Death tax by stealth… & how to avoid it!
There is no such thing as a ‘death tax in Australia!?!
This is a statement we hear regularly, however, this is not entirely accurate. Unlike the UK, we are fortunate that we do not have a legislated death tax in Australia. That said, your superannuation investments can attract a death tax when paid to your beneficiaries known as Superannuation death benefits tax. This is a little-known fact, hence, our reference, death tax by stealth….
To explain:
Superannuation remains the cornerstone on many Australian’s retirements. We are encouraged to contribute as much as we can afford, within the contribution caps, into superannuation in preparation for retirement and are rewarded with tax advantages to do so.
Tax advantages include tax of only 15% of contributions and earnings prior to retirement and 0% on earnings and income payments when you commence a pension in retirement. Tax free income and earnings sounds perfect. This is true until the point when you die and, if you are not careful, the Government collect a death benefit tax which arguably is a repayment for the concessional tax treatment of your superannuation whilst you are alive.
What is Death Benefits Tax?
When a superannuation fund member dies, their remaining balance is paid out as a death benefit. This can go directly to a beneficiary or through the deceased’s estate. The tax treatment depends on:
The components of the super (taxable vs. tax-free)
The relationship between the deceased and the beneficiary
Whether the benefit is paid as a lump sum or income stream
If the beneficiary is a tax dependant (like a spouse, child under 18, or someone financially dependent), the benefit is generally tax-free.
But if the beneficiary is a non-tax dependant—such as an adult child who is financially independent—they could be taxed up to 17% on the taxable component, or even 32% if insurance proceeds are included. In our experience, adult children receiving a death benefit are typically unaware that a death benefits tax is payable on their parents superannuation benefits.
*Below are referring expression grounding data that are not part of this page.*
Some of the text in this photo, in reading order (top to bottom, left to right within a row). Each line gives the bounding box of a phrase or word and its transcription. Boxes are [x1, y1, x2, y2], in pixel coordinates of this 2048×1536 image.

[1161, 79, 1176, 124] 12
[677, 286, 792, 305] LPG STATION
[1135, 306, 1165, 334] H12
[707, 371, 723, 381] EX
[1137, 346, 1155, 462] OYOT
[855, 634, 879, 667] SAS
How to Minimise or avoid a death benefits tax
Like many things in our financial system, careful planning, can overcome the payment of death benefit tax. Here is a summary of the options available to avoid death benefits tax:
Re-contribution Strategy
Once you’re eligible to withdraw from super, you can take out a portion and re-contribute it as a non-concessional (after-tax) contribution. This shifts money from the taxable to the tax-free component, reducing the tax your beneficiaries might pay. Be mindful of contribution caps and age limits—speak to a financial adviser before proceeding.
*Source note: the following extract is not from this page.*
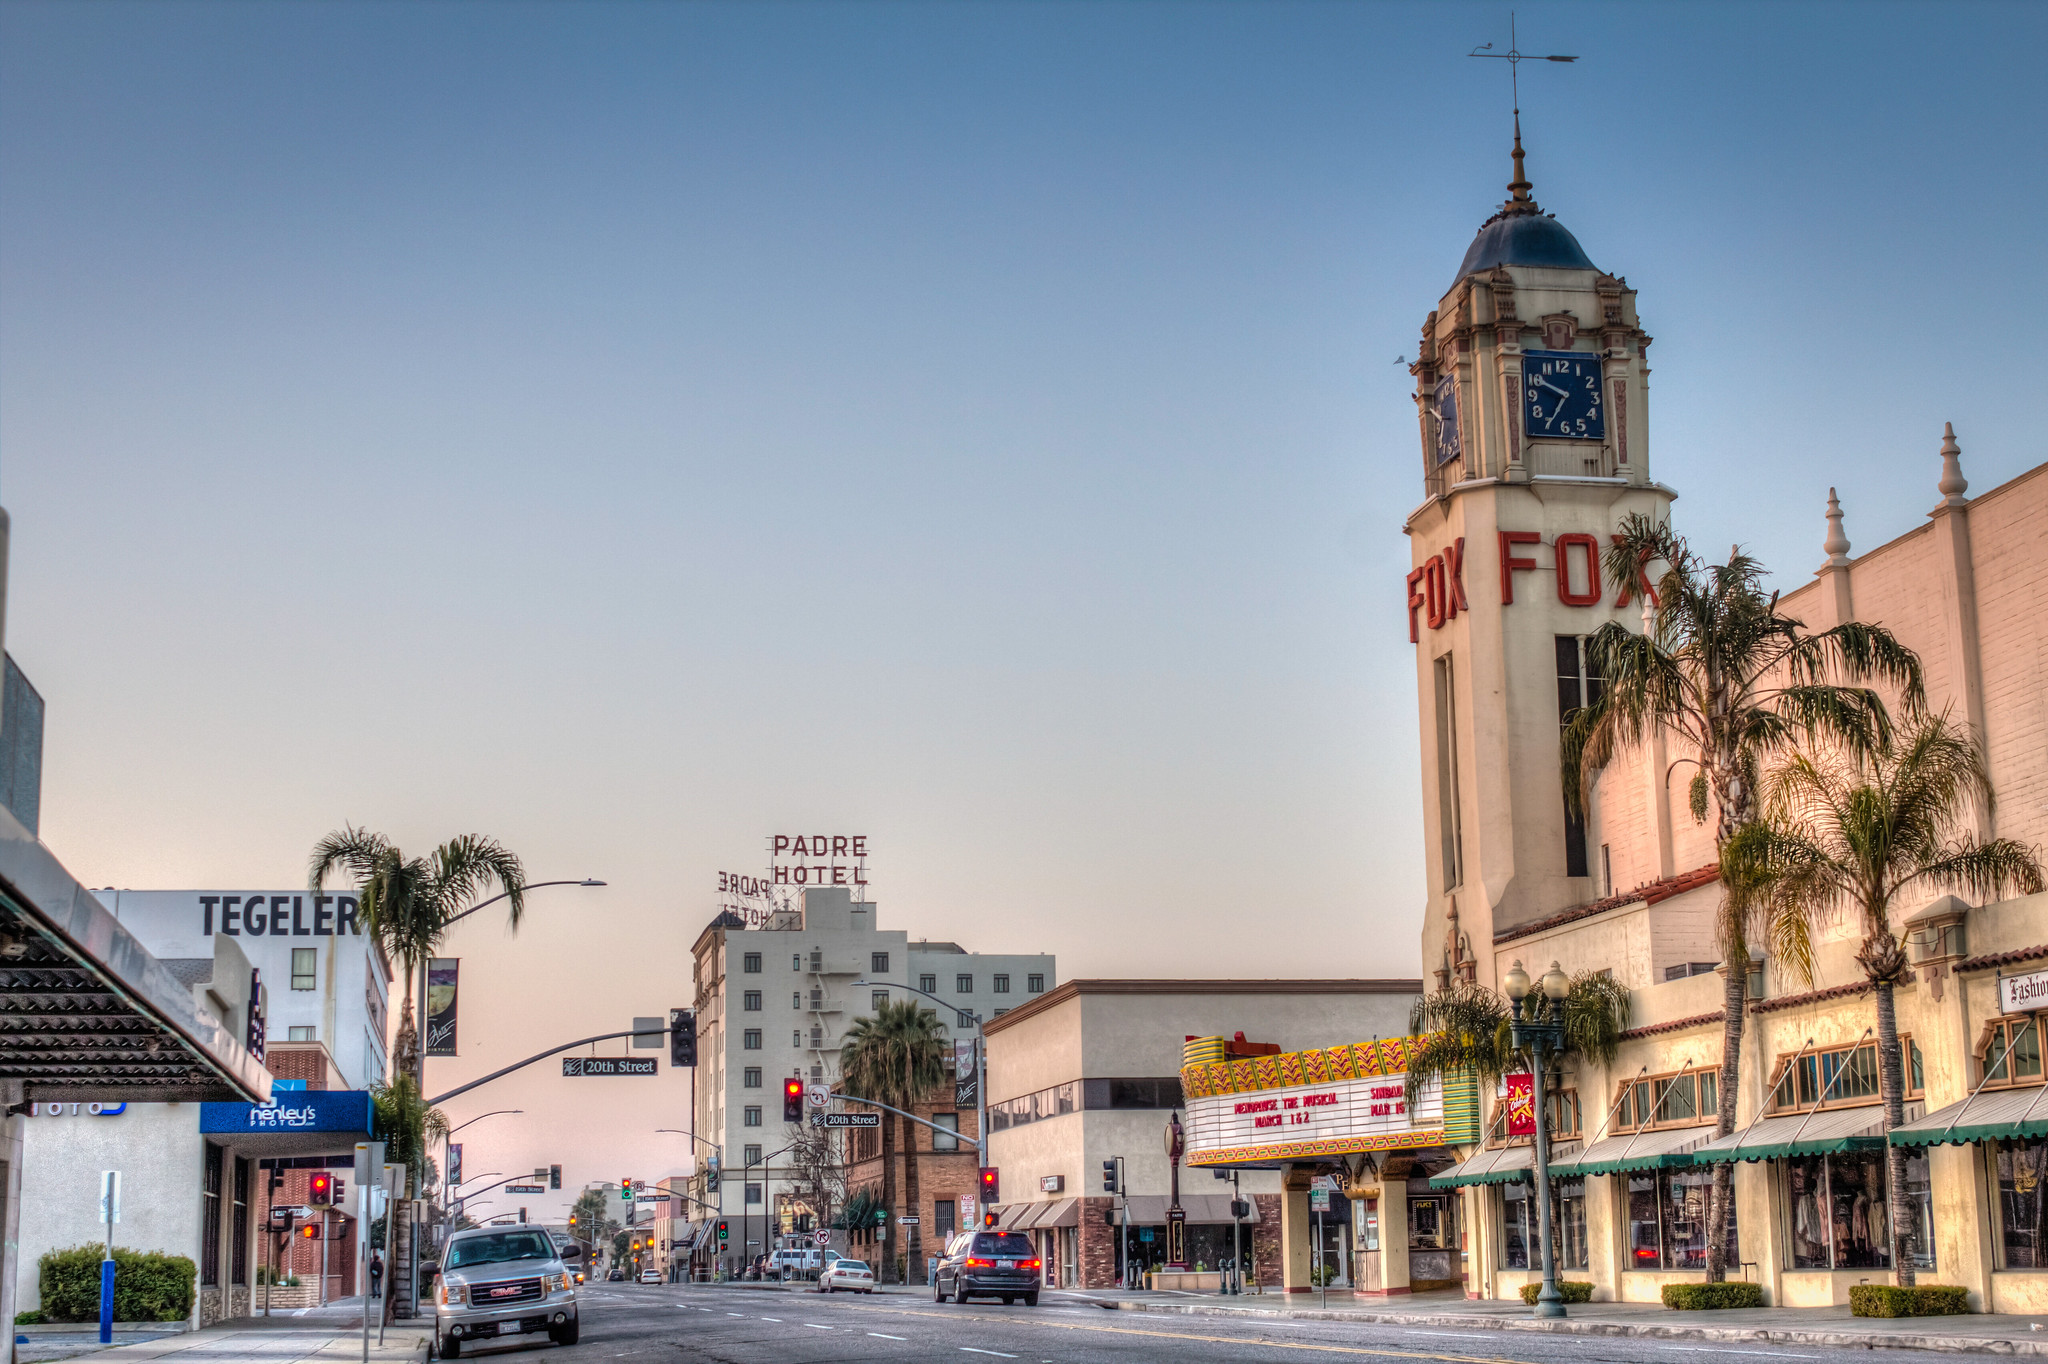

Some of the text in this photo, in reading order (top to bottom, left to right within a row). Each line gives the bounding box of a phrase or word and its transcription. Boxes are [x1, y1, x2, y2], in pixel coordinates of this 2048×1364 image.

Nominate the Right Beneficiaries
Make sure your Binding Death Benefit Nomination (BDBN) is up to date and directs your super to tax dependants where possible. This ensures the benefit is paid tax-free and according to your wishes.
Withdraw Super Before Death
If you’re terminally ill or nearing end of life and have met a condition of release, you may choose to withdraw your super and hold it in your personal name. This can avoid death benefits tax altogether, as personal assets aren’t taxed upon inheritance.
Consider whether you still need to superannuation
In the later years of retirement, often we think about this when retirees approach their late 70’s, consider whether you still need superannuation. The tax system can be generous for retirees and ‘cashing out’ your superannuation and investing in your personal name can still be done so without attracting tax. This finds the balance between not paying tax whilst you are alive and preventing your estate paying tax.
Use your Estate Strategically
Sometimes it’s better to direct your super to your legal personal representative (LPR) via your estate. This can offer more flexibility in distribution and may help avoid the Medicare levy in some cases.
Review your plan regularly
Superannuation and tax laws change frequently. Regular reviews with a financial adviser or estate planner can ensure your strategy stays effective and aligned with your goals.
Death benefits tax can be a hidden trap in your estate planning—but it doesn’t have to be. With the right strategies and advice, you can ensure more of your super goes to the people you care about, not the tax office. If you haven’t reviewed your super or estate plan recently, now’s the time. A little planning today can make a big difference tomorrow.
General Advice Warning
The information in this article is general advice only. It does not take into account your objectives, financial situation or needs. Before acting on any information, you should consider the appropriateness of the information provided and the nature of the relevant financial product having regard to your objectives, financial situation and needs. You should seek independent financial advice to discuss your personal circumstances.